Santa Clara Vanguard is also back on the scene with their powerful sound and fast drills, with a mix of meditation in their show – Finding Nirvana. Watching this show develop over the season, I’m sure I will achieve a transcendent state of clarity and enlightenment, including goose bumps and tears. The Mandarins brought their raw spirit and inventive machinery of props, marchers, and instruments including 22 brass-toned trombones to portray THE OTHER SIDE. I love the way the entire marching members, along with the rolling scaffold/props, advance in unison diagonally from left rear toward the center with the music gradually gaining intensity. The Academy from Tempe, AZ was the only out of state corps, performing their purely imaginative show – A World of My Creation, a take on the origin of Charlie and the Chocolate Factory.

Pacific Crest celebrating their new equipment trailer.

Can you guess the corps and show that features this prop, now employed in The VOID?
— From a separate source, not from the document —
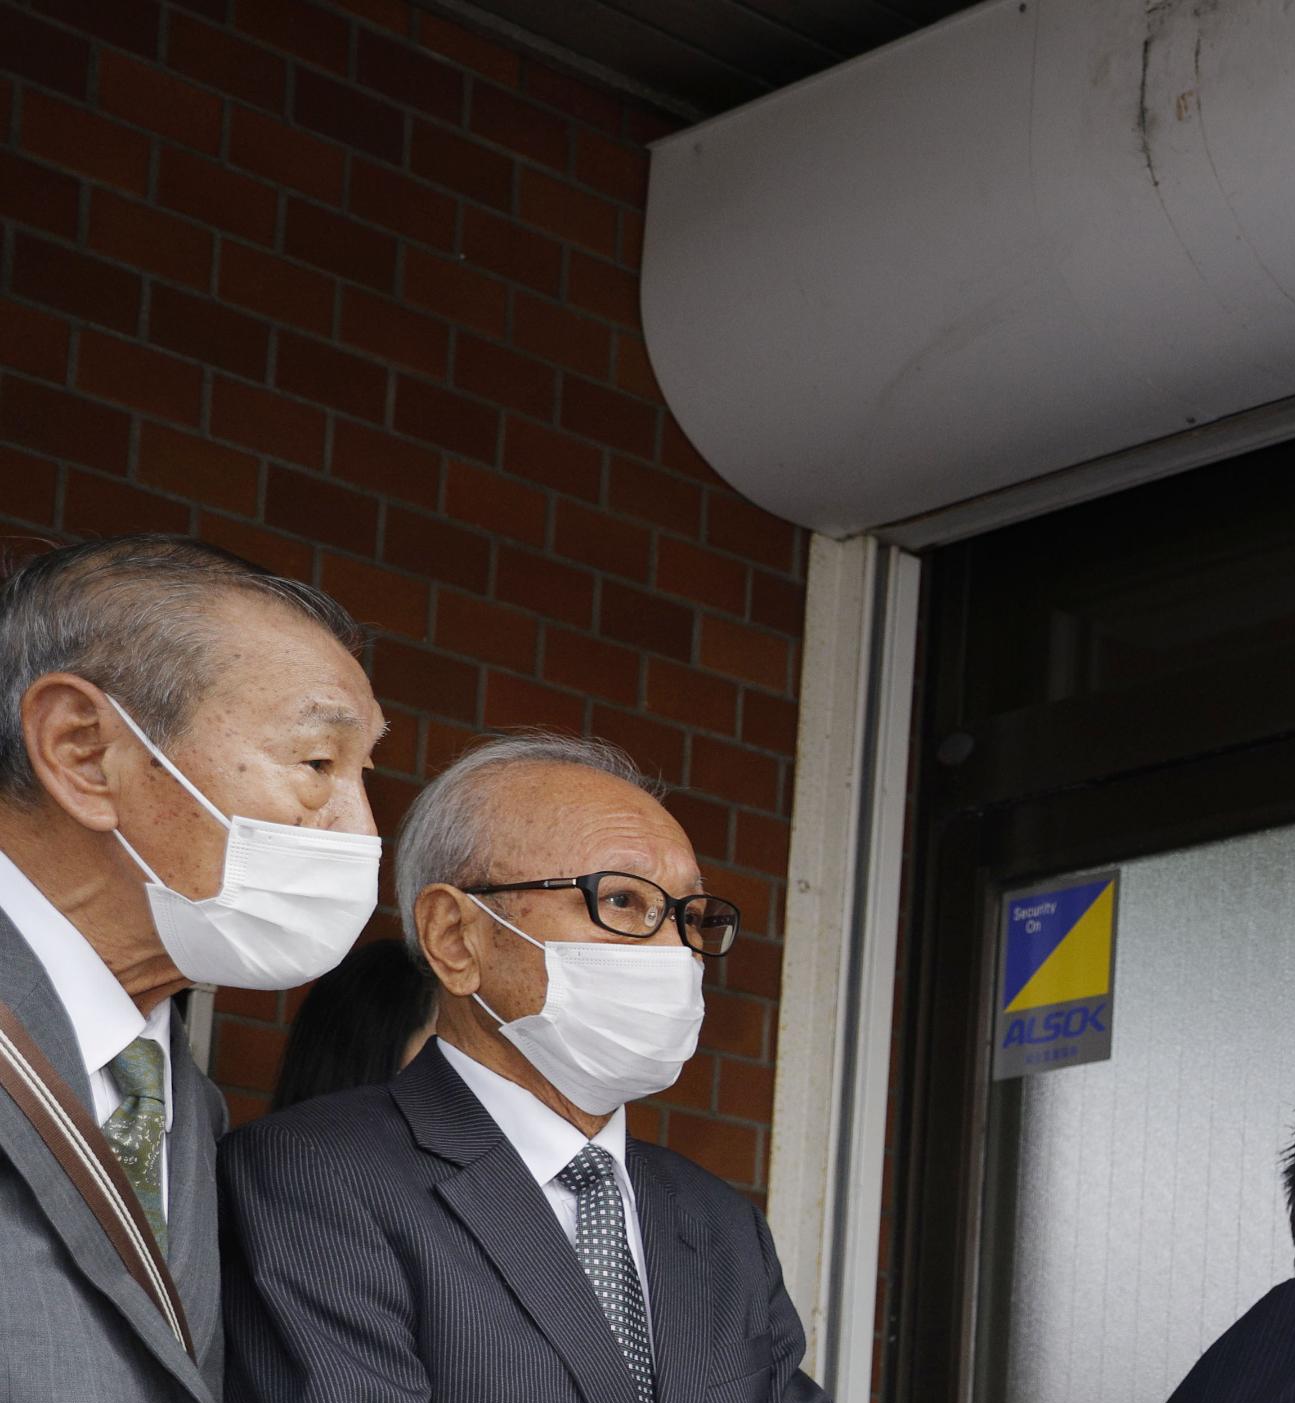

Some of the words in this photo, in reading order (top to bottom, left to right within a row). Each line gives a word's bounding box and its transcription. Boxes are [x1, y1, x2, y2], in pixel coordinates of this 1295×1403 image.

[1013, 902, 1057, 921] Security
[1026, 919, 1042, 934] On
[1003, 1003, 1107, 1049] ALSOK
Leading off the world class corps following intermission was Pacific Cresta show featuring several familiar props from drum corps’ past. Where do they go when the season is over? The Void. This show will unfold as the season progresses and I think that we will see more recognizable props along the way. Can you guess the props and their origin corps and shows? PC being the host corps performed a fun encore while the scores were tabulated. This was probably the largest turnout for a show that I have attended other than finals. It was well-worth the complex travel planning and execution utilizing planes, trains, and automobiles that put me in the company of some very wonderful folks for a truly special night of DCI. Thank you, Russ!

Well, time to aimlessly meaner around the spacious campus here in San Bernardino Valley College to check out the several corps that are making their way to the various nooks and crannies for their pre-show protocol. Now where is the BD caravanserai? I’ll keep you posted.